I have a friend in Todmorden who has seen one, disturbed by a JCB digger in the middle of the day, and another who was ready with his camera and got a picture at the other end of Calderdale, near Brighouse. I have seen the picture and can confirm that it was certainly not a mink, although my only encounter with a wild otter was in western Ireland.
We saw it in and out of the water, saw it diving and coming out with a fish which it ate in view of the cottage we were watching from with our binoculars, though they were hardly needed.
I was watching a mink in the Calder the other day. It seemed to hide behind a black bin liner, that typically litter our river banks, then dived in and came out with a fish about six inches long. I think it used the shadow of the bin liner to get a better view into the water.

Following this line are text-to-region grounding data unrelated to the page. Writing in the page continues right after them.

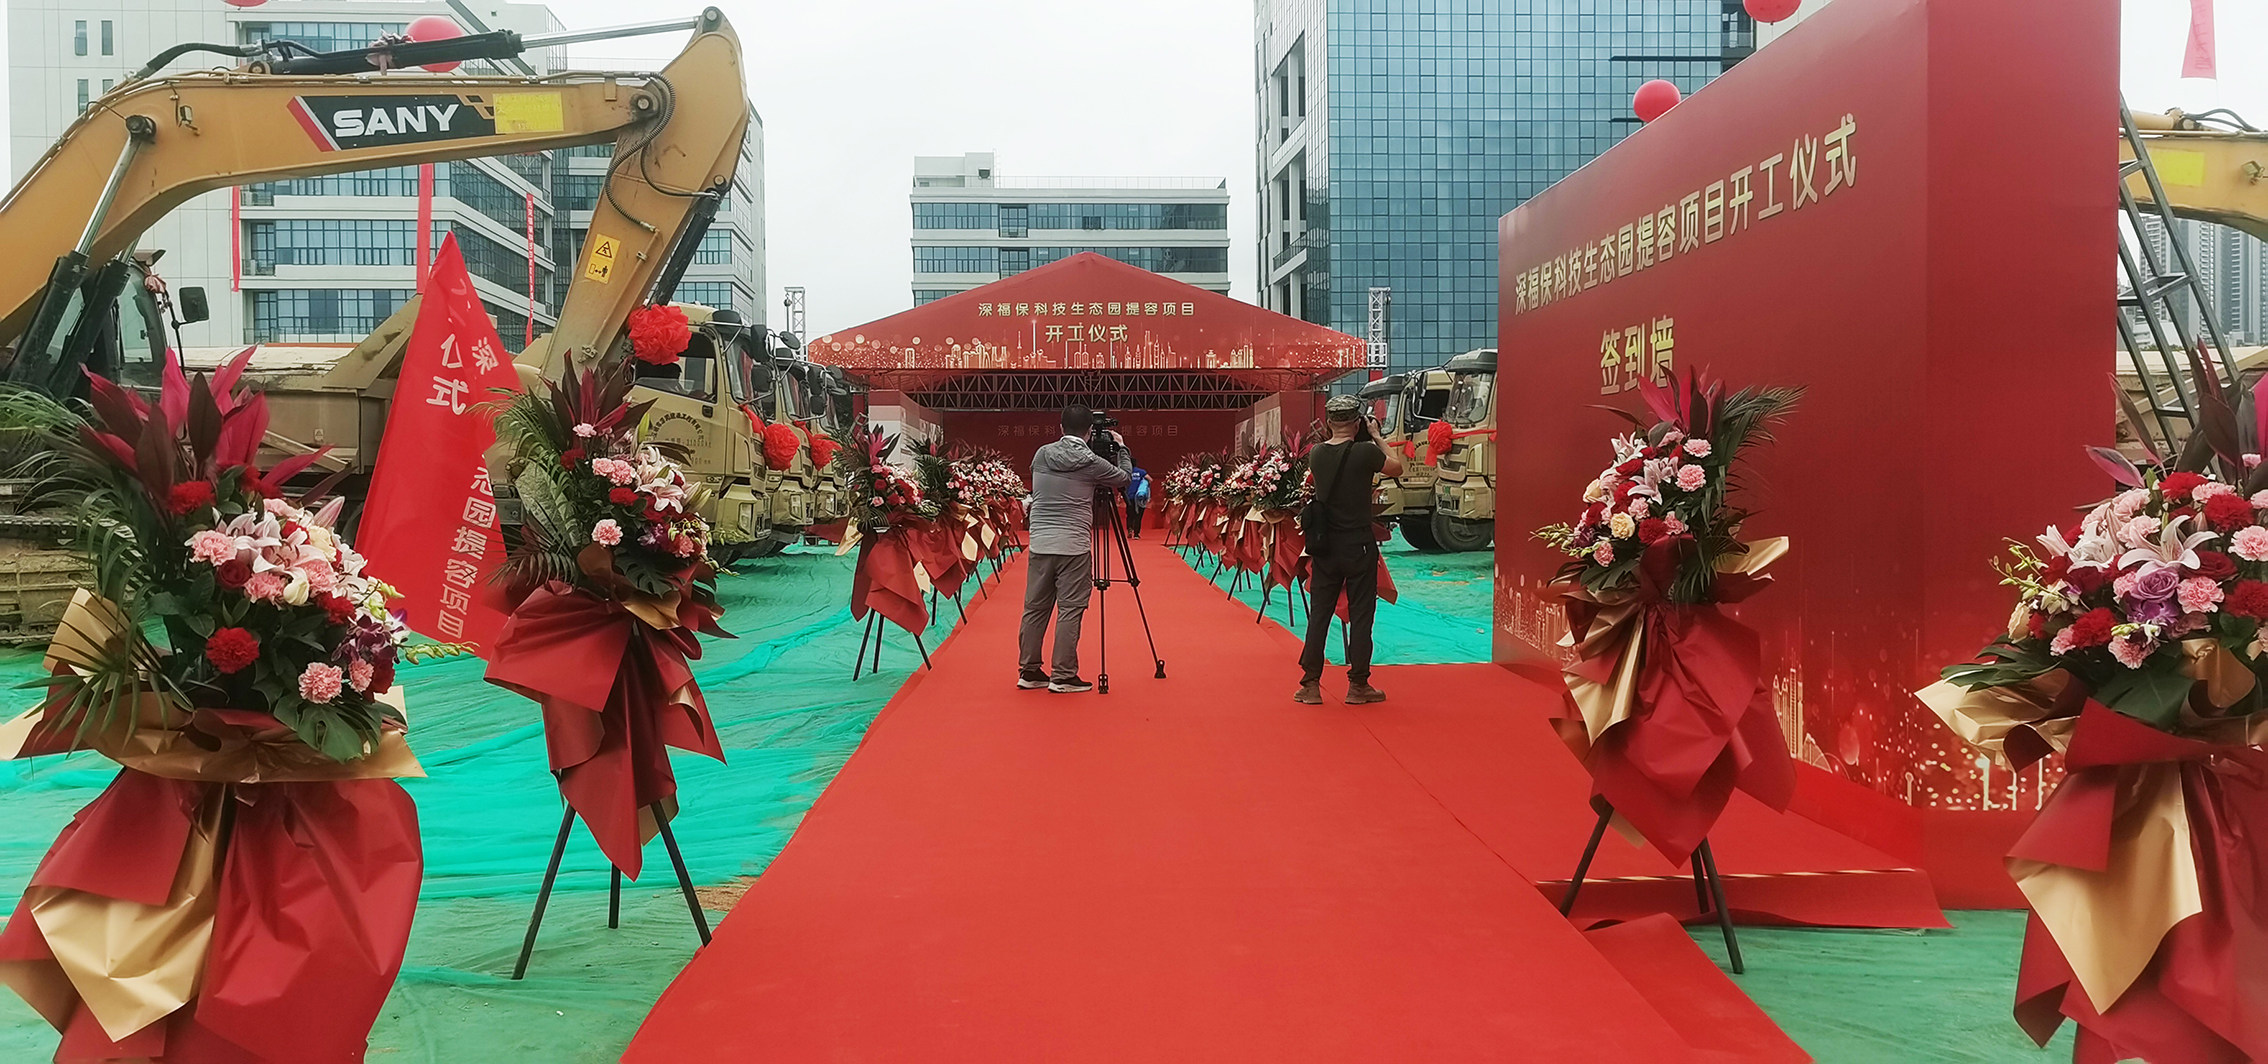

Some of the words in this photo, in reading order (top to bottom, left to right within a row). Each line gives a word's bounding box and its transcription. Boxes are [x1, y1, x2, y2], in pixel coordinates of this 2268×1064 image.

[333, 104, 459, 138] SANY
[1514, 113, 1858, 316] 深福保科技生态园提容项目开工仪式
[978, 302, 1195, 317] 深福保科技生态园提容项目
[1045, 324, 1129, 343] 开工仪式
[1600, 314, 1675, 395] 签到墙

Otters are said to clear out the mink when they reappear. That would be a good thing, as mink seem to have been the cause of the disappearance of water voles and moorhens from our watersides.
Animal rights activists are blamed for the mink being with us, but this is not right. The wild black minks were introduced, like the grey squirrel, by misguided men a long time ago who thought they might be an interesting addition to our wildlife.
They probably do some good, like foxes, by keeping rats down, though on the whole, we would be better without them. I would not condone cruel means of control.
They may be the wrong animal in the wrong place, but objectively you have to admire something that can dive into a large river and come out with a fish in its jaws.